She frequently repeats this idea, mentioning "the one sacerdotal universal tongue" (CW XIV, 96), "one universal esoteric, or 'Mystery'-Language ... the language of the Hierophants, which has seven 'dialects,' so to speak, each referring, and being specially appropriate, to one of the seven mysteries of Nature" (I, 310), and she says that this "secret language, common to all schools of occult science[,] once prevailed throughout the world" (CW V, 306).

This "secret sacerdotal tongue" is Senzar, the language in which was written "an old book," the original work from which the books of Kiu-ti were compiled. The "old book" was taken down in Senzar "from the words of the Divine Beings, who dictated it to the sons of Light, in Central Asia, at the very beginning of the 5th (our) Race." But Senzar itself is much older than that,

for there was a time when its language (the Sen-Zar) was known to the Initiates of every nation, when the forefathers of the Toltec understood it as easily as the inhabitants of the lost Atlantis, who inherited it, in their turn, from the sages of the 3rd Race, the Manushis, who learnt it direct from the Devas of the 2nd and 1st Races. (I, xliii)

The foregoing passage is of considerable interest, since, in providing such antiquity for the history of Senzar, it has effectively indicated that Senzar is not properly a language at all. In commenting on sloka 36 of stanza 9, "The Fourth Race developed Speech," Blavatsky says:

The Commentaries explain that the first Race — the etherial or astral Sons of Yoga, also called "Self-born" — was, in our sense, speechless, as it was devoid of mind on our plane ... The Third Race developed in the beginning a kind of language which was only a slight improvement on the various sounds in Nature, on the cry of gigantic insects and of the first animals ... The whole human race was at that time of "one language and of one lip." (II, 198)

Obviously, it could not have been much of a language or of a lip. Indeed, this primeval sort of communication is not what we would call language at all. Since language, in our ordinary sense of the term, was not developed until the Fourth Race period, that which was learnt from the Devas of the First and Second Races and inherited from the sages of the Third must be something other than ordinary language.

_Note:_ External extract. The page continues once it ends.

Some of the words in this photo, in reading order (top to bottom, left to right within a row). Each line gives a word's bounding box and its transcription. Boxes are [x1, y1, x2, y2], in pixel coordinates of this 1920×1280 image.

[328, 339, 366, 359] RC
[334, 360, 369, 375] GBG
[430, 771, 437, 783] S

Whatever Senzar was, H.P.B. tells how it came to be a secret, sacerdotal "language" (CW XIV, 180-81). After reiterating the claim that "there was in antiquity one knowledge and one language," she says that the knowledge together with the language in which it is expressed became esoteric after the submersion of Atlantis, "and, from being universal, it became limited to the few." The memory of the esotericizing of "the 'one-lip' — or the Mystery-language — " knowledge of which was "gradually denied to subsequent generations," was preserved in the Biblical myth of the Tower of Babel, concerning a time when human beings were prevented from understanding each other's speech because of their sin of presumption.

As a result of the esotericizing of Senzar, two languages came into use in every nation: "(a) the profane or popular language of the masses; (b) the sacerdotal or secret language of the Initiates of the temples and mysteries — the latter being one and universal" (CW V, 297). This divided state of affairs is not, however, to continue indefinitely. When Blavatsky remarks "that the entire cycle of the universal mystery-language will not be mastered for whole centuries to come" (I, 318), she implies that the once generally known and now esoteric language will again one day be fully mastered by humanity.

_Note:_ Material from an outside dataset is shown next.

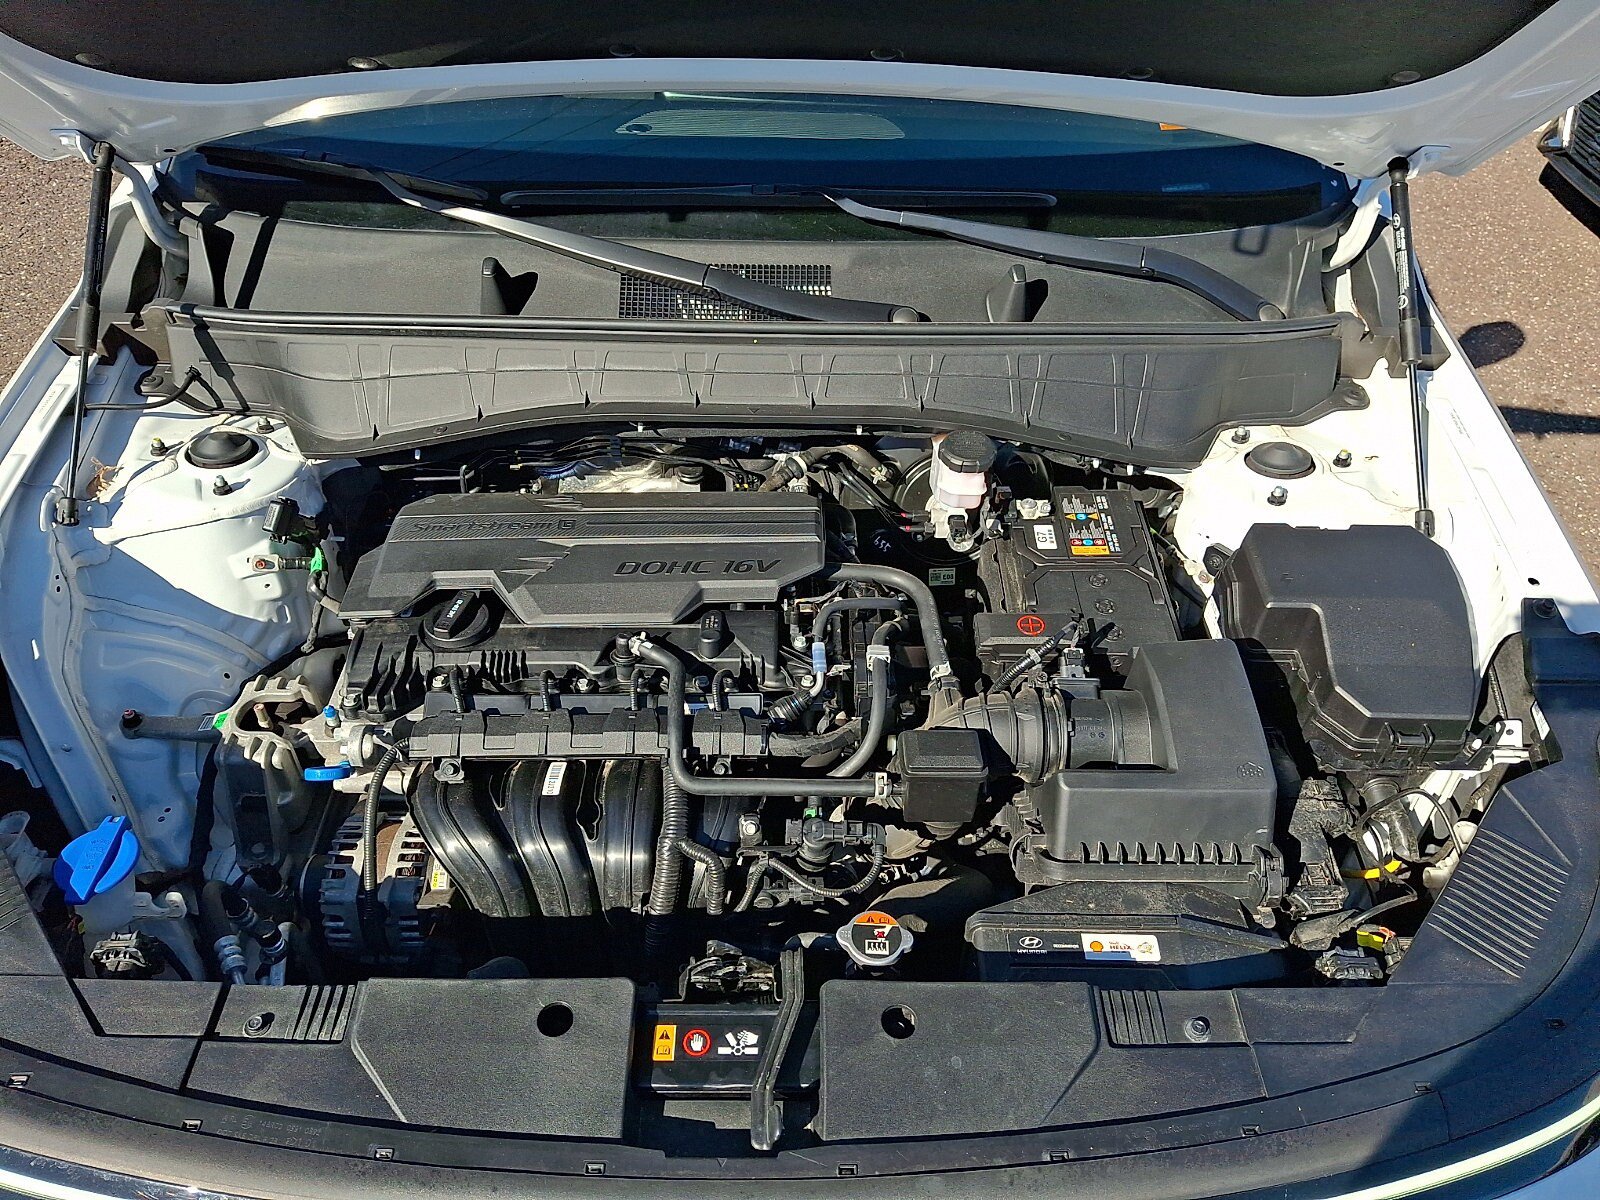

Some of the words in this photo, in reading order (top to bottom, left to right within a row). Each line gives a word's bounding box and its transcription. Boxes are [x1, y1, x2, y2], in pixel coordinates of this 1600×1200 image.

[409, 519, 552, 533] Smartstream
[1036, 531, 1048, 543] G7
[613, 560, 716, 577] DOHC
[722, 559, 782, 575] 16V

The existence of sacred languages is well-known throughout the world. Latin was, and to a limited extent still is, such a sacred language for Western Christendom. Hebrew is such a language for Judaism. Sanskrit is for Hinduism, and Pali for Southern Buddhism. Sacred languages are used in scriptures, for rituals, and often for scholarly writings on religious subjects. Such sacred languages may be intended by The Theosophical Glossary's entry for Mystery Language (220):

The sacerdotal secret jargon employed by the initiated priests, and used only when discussing sacred things. Every nation had its own "mystery" tongue, unknown save to those admitted to the Mysteries.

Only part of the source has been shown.